All students -- regardless of socio-economic status -- lose approximately 2.6 months of grade level equivalency in mathematical computation over summer, according to a Johns Hopkins study. The study also concluded that low-income students experience significant losses in reading comprehension and word recognition while on break.
This pattern of academic regression has been dubbed “summer slump.” Fortunately -- for proactive parents -- these quick-and-easy tips can help stem its tide.
Watch Your Language
You’ve probably admonished your son or daughter with this phrase, but when it comes to summer learning, take heed of it yourself. When kids are enjoying vacation, they may not want to hear words like “school,” “educational” or “assignment.” Try using words like “exploration,” “adventure” and “discovery” instead.
Make Learning Fun
Remember when you had to take a spoonful of cough medicine and your mom or dad would let you wash it down with something sweet? For kids, summer learning can be a bitter pill to swallow, but it tends to go down more easily when paired with a fun activity.

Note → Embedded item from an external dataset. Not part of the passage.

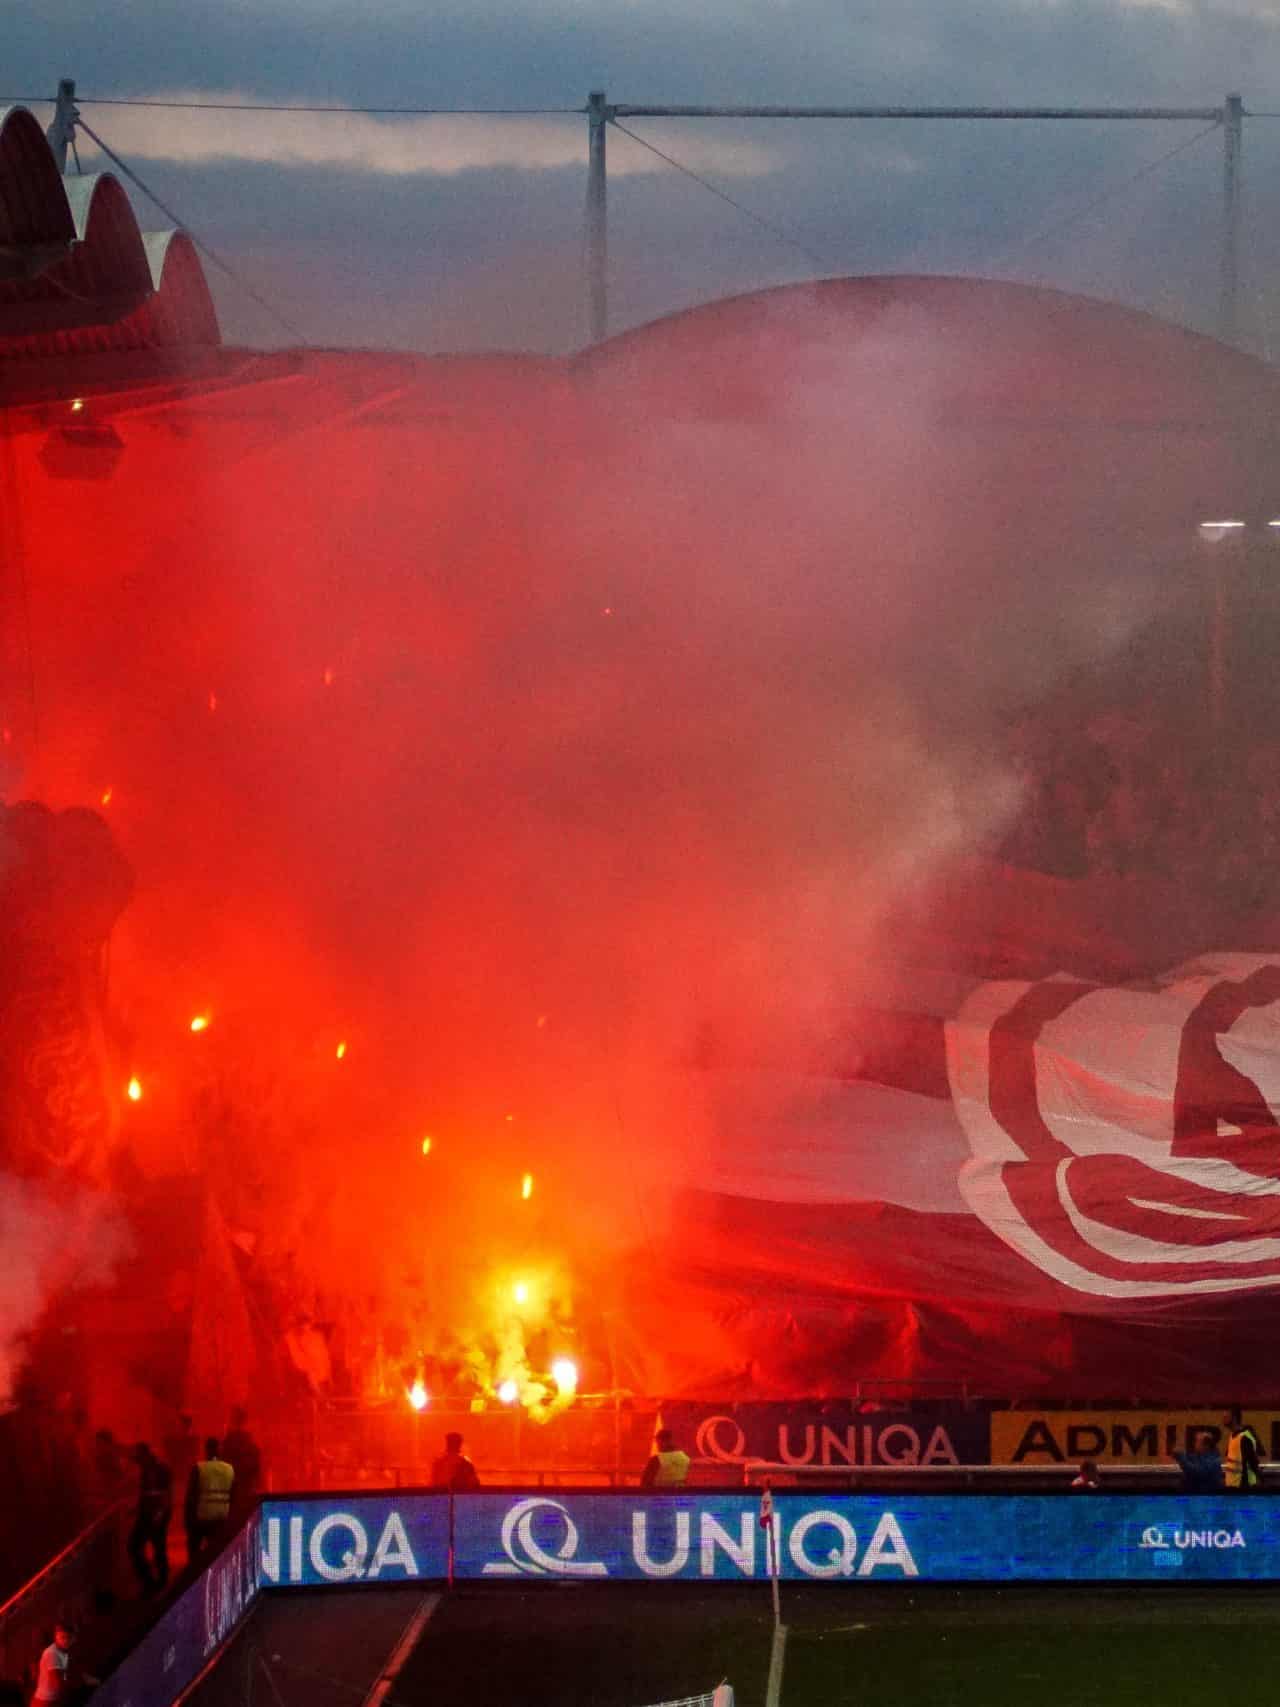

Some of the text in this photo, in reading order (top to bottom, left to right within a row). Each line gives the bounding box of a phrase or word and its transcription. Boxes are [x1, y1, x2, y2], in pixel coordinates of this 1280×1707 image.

The National Center for Families Learning (NCFL), for instance, has created a program called Camp Wonderopolis, a digital platform aiming to harness the spirit of exploration and adventure captured by traditional summer camps.
After registering at www.Wonderopolis.org/camp, kids can wend their way through six science-themed tracks and 42 individual lessons, all of which can help combat the dreaded “summer slump.” For parents who want to keep kids active during the summer months, Camp Wonderopolis also features hands-on offline activities.
“The key is to make learning feel like an extension of their vacation,” says NCFL Vice President Emily Kirkpatrick. “Camp Wonderopolis seeks to tap into a child’s natural feelings of wonder and curiosity, allowing learning to occur organically.”
Why should kids spend the summer learning while mom and dad get off the hook? It’s easier to get cooperation when learning is a shared experience, so dust off some books you never got around to reading and share them together.
Power of Choice
Oftentimes, kids rebel against schoolwork simply because it’s obligatory. Their teachers assign books to read and problems to solve without their input, and set hard deadlines for when such work must be completed. Put your child in the driver’s seat over summer by letting them tell you what they’d like to learn.
Instead of mapping out a strict plan, take a trip to the bookstore and let kids pick out books. Many young people are invigorated by this sort of freedom and may even choose something more challenging than you would have selected.
There are plenty of strategies that will keep your kids learning over summer. Approach the subject tactfully and your youngster will have a leg-up when it’s time to head back to school.